**THE DATA**:
--- START ---

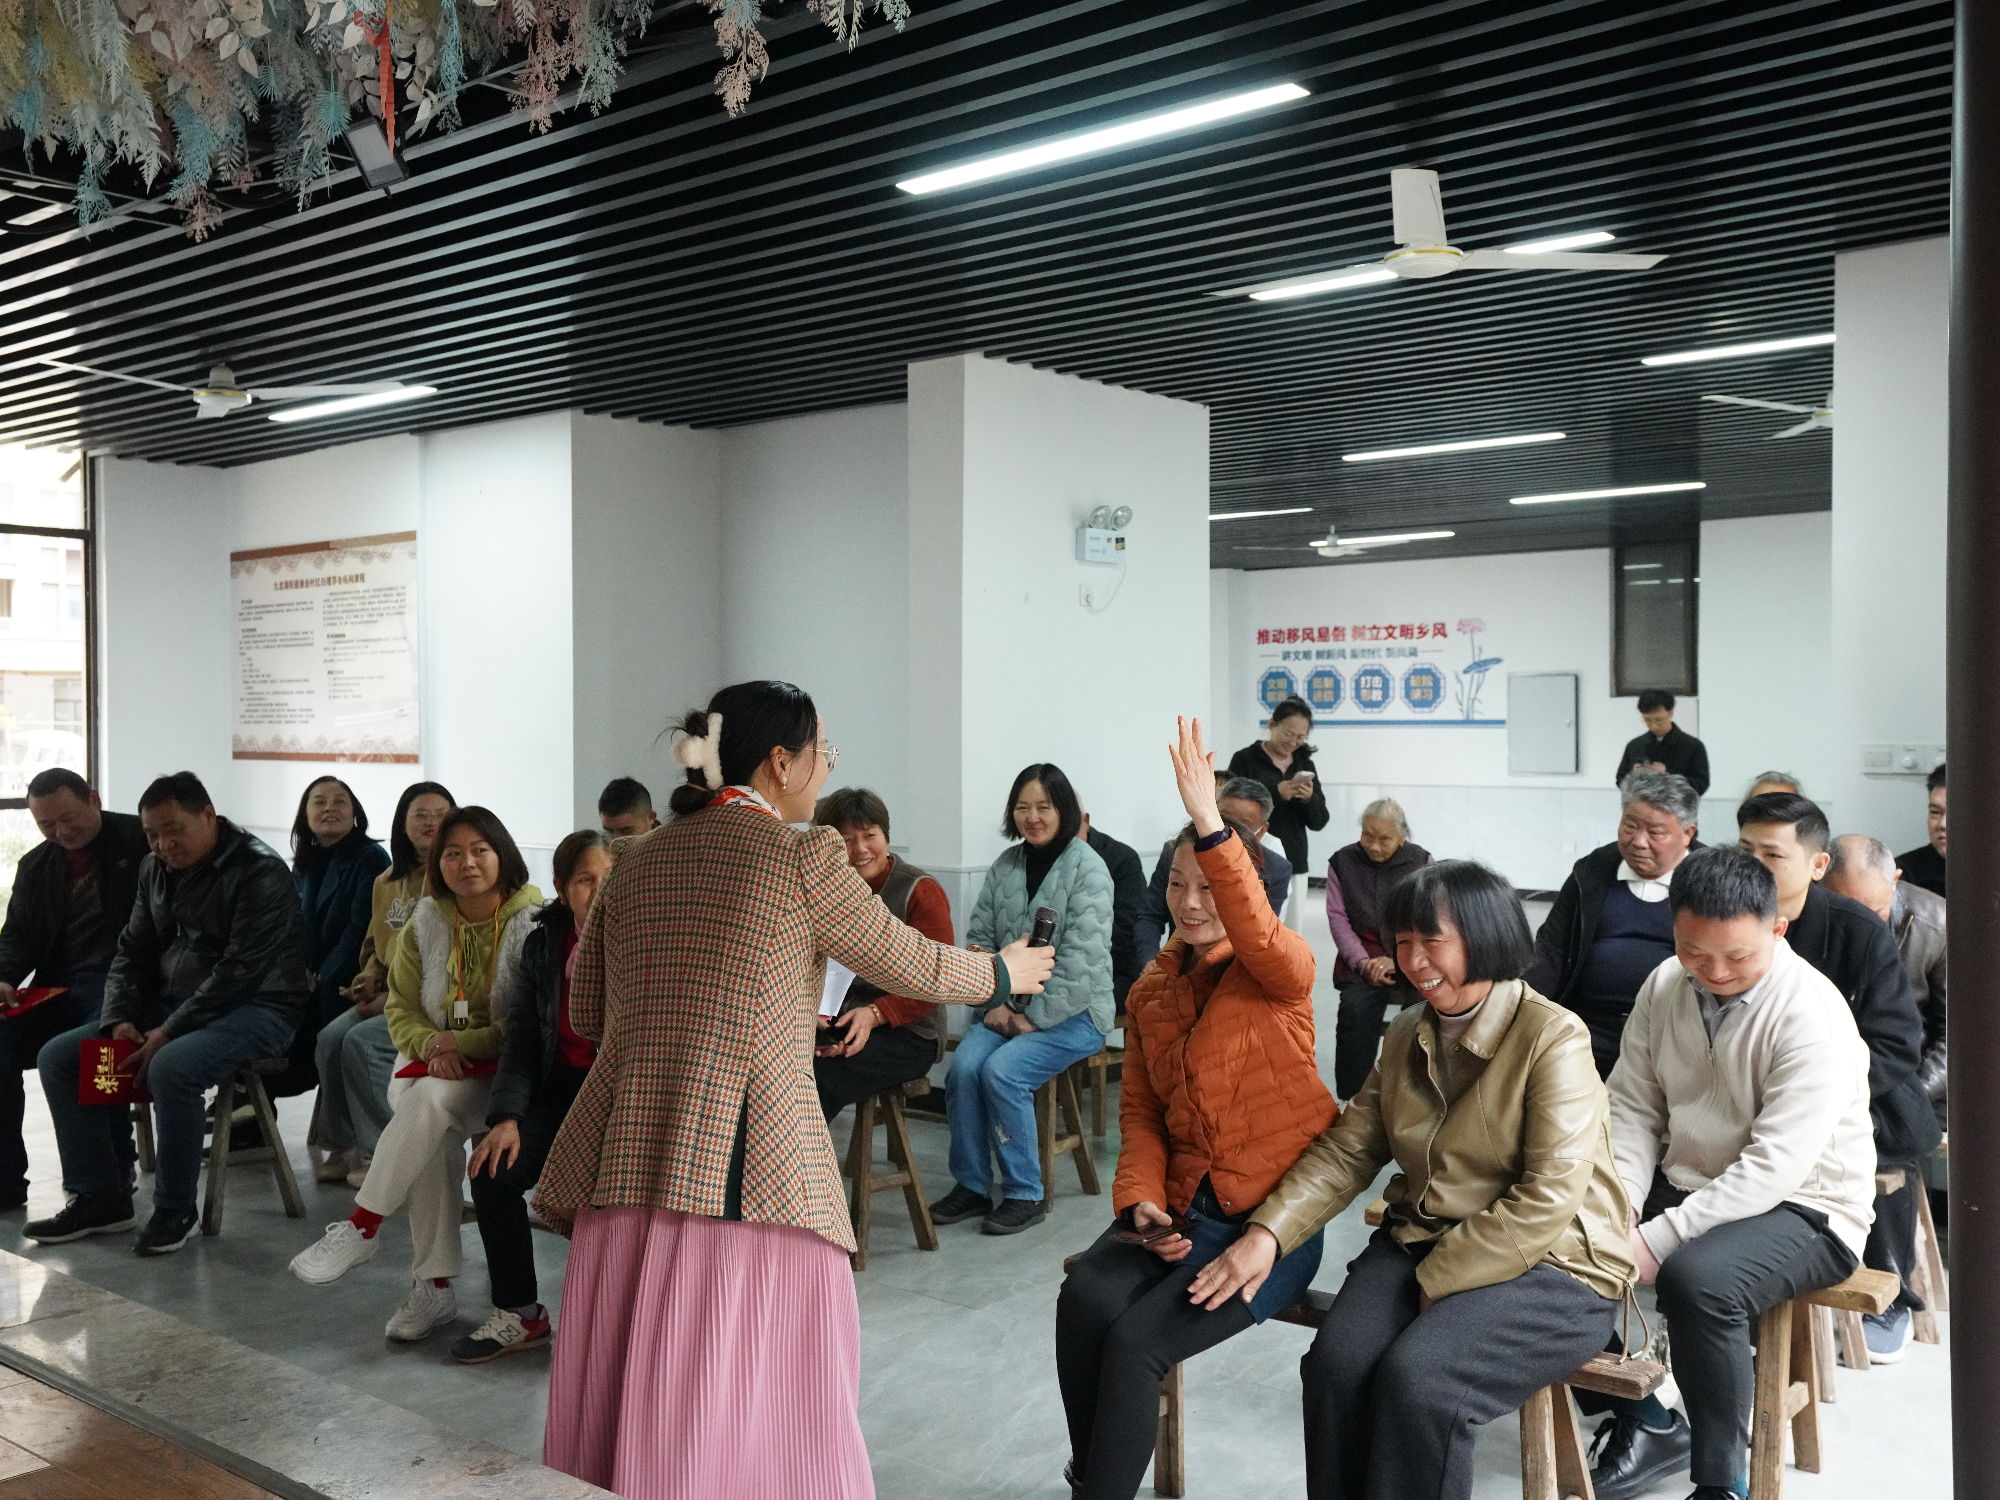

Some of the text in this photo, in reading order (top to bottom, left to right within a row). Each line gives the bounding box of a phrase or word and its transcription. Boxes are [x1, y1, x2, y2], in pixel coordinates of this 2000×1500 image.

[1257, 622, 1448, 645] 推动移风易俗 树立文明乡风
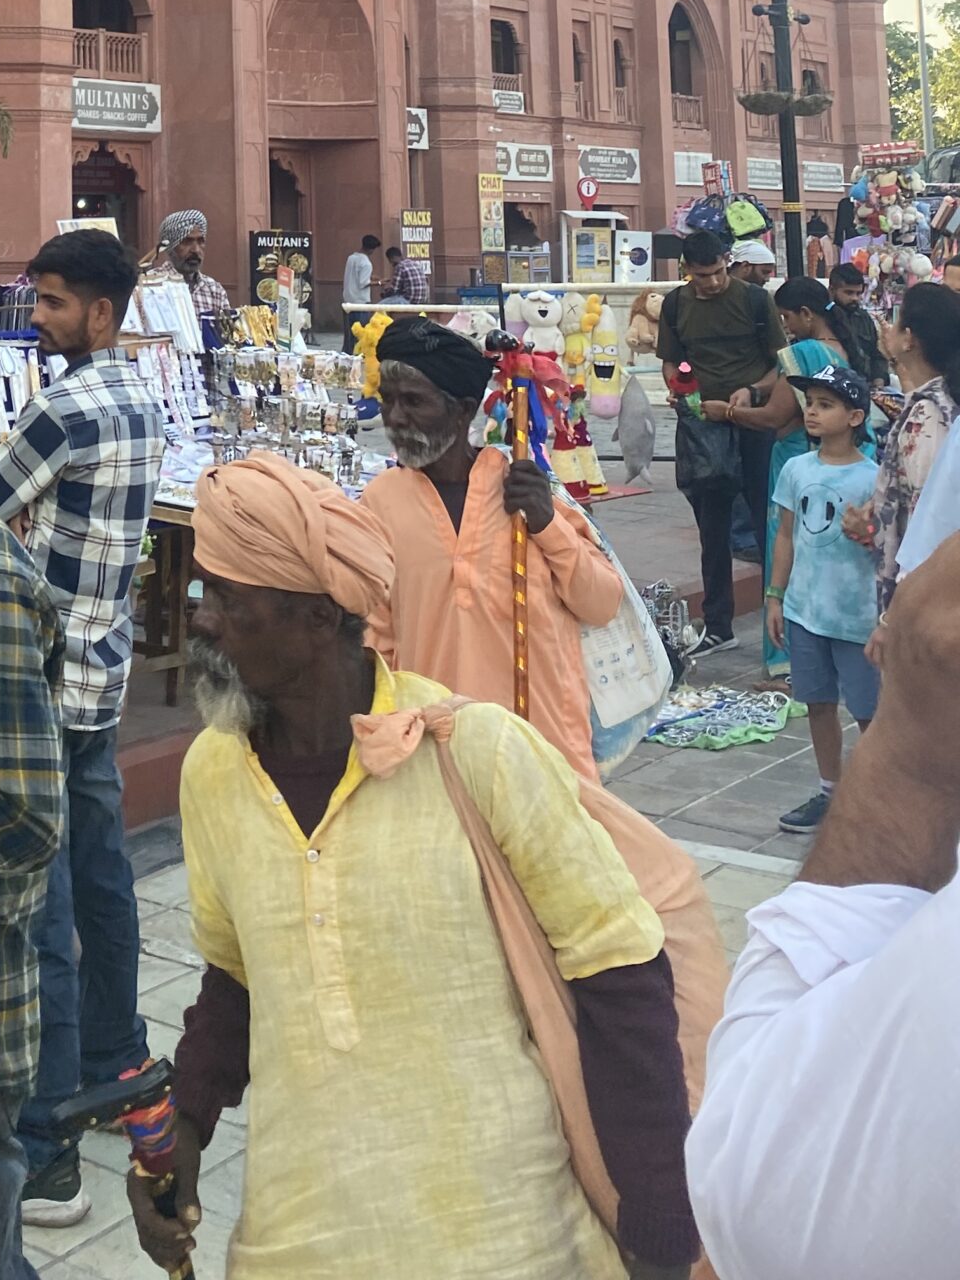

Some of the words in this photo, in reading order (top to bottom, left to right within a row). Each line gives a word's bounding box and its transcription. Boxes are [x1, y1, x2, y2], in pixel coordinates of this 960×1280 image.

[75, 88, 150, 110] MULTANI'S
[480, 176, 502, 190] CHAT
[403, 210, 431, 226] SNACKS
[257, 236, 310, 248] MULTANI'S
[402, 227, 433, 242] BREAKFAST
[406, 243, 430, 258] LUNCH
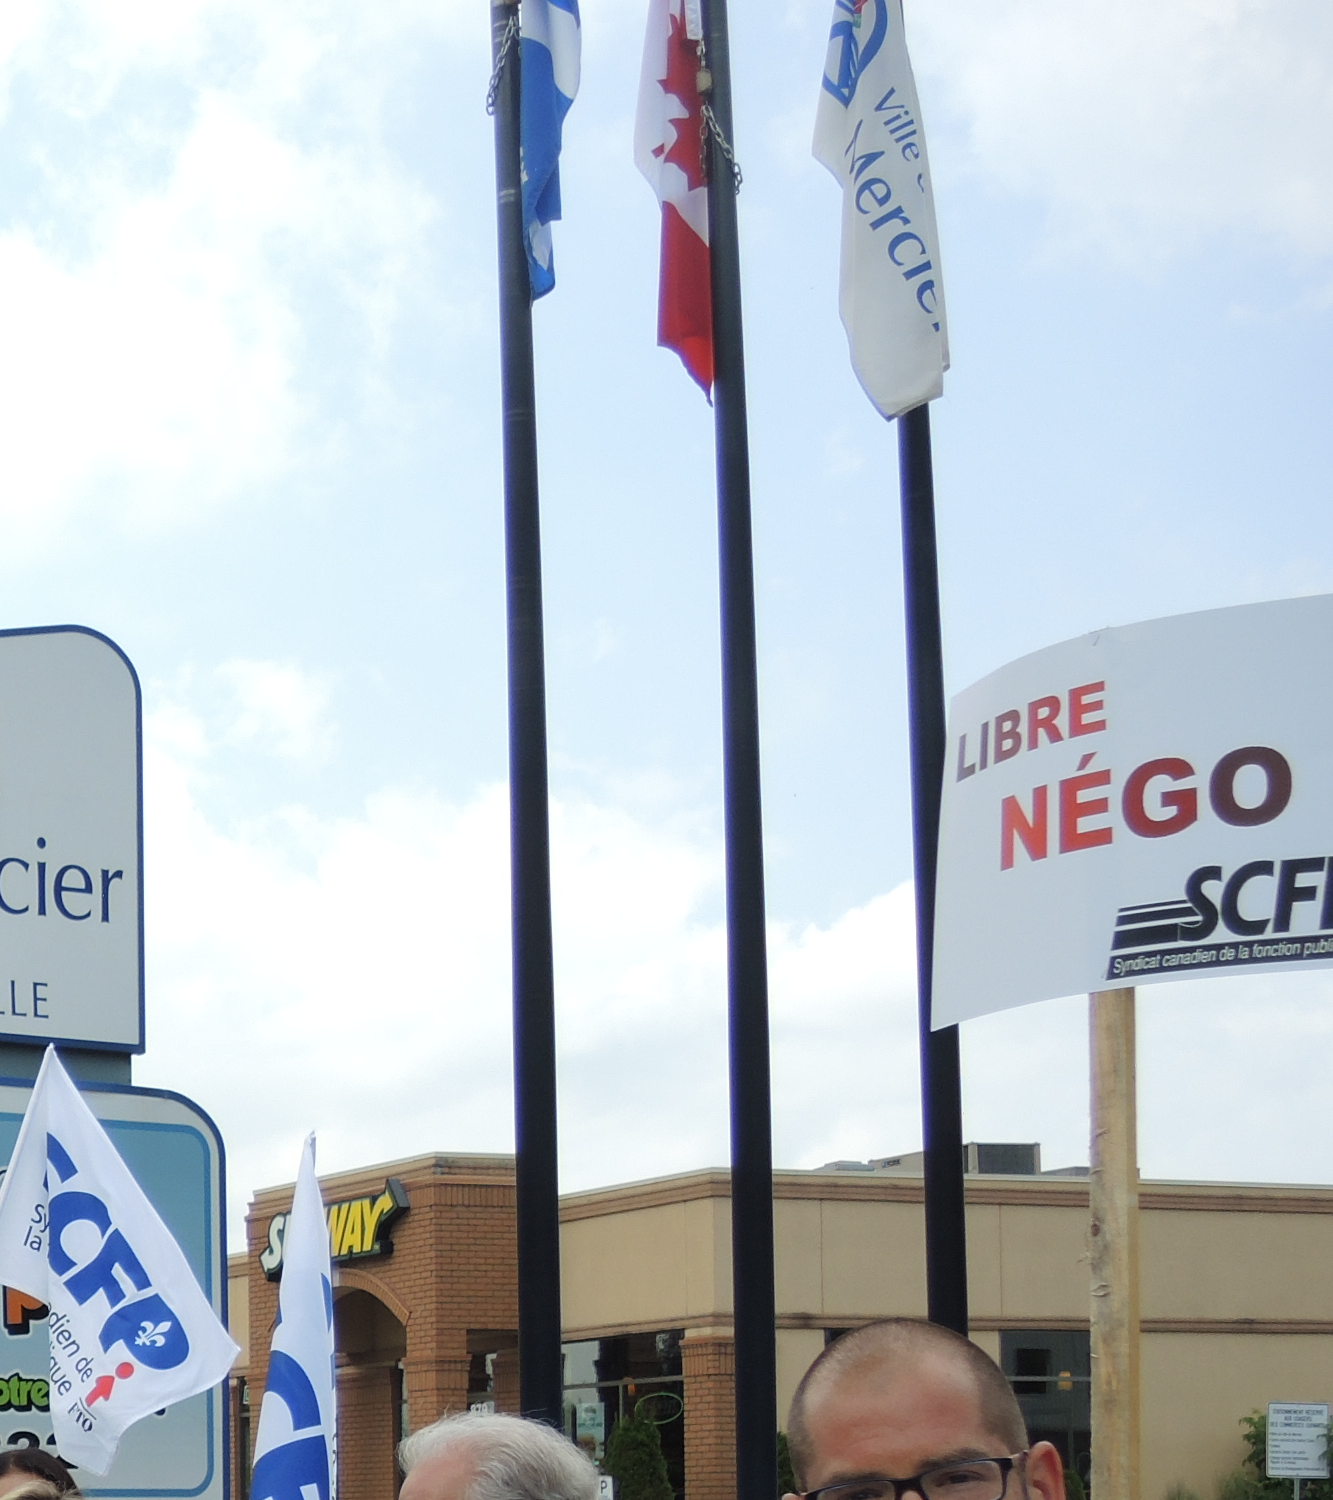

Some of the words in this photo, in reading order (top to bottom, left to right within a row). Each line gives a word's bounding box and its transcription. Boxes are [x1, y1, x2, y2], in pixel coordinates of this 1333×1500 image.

--- END ---

When the listing is transcribed, every line must match the original exactly, and the pictures must be left out.

Some of the text in this photo, in reading order (top to bottom, left to right within a row). Each line gives the bounding box of a phrase or word and its transcription. Boxes are [x1, y1, x2, y2], in pixel coordinates of this 2000×1500 image.

[1257, 622, 1448, 645] 推动移风易俗 树立文明乡风

Some of the words in this photo, in reading order (top to bottom, left to right within a row). Each line gives a word's bounding box and its transcription. Boxes are [x1, y1, x2, y2], in pixel coordinates of this 960×1280 image.

[75, 88, 150, 110] MULTANI'S
[480, 176, 502, 190] CHAT
[403, 210, 431, 226] SNACKS
[257, 236, 310, 248] MULTANI'S
[402, 227, 433, 242] BREAKFAST
[406, 243, 430, 258] LUNCH

Some of the words in this photo, in reading order (top to bottom, left to right within a row). Each line gives a word's bounding box and its transcription. Boxes are [x1, y1, x2, y2], in pixel coordinates of this 1333×1500 image.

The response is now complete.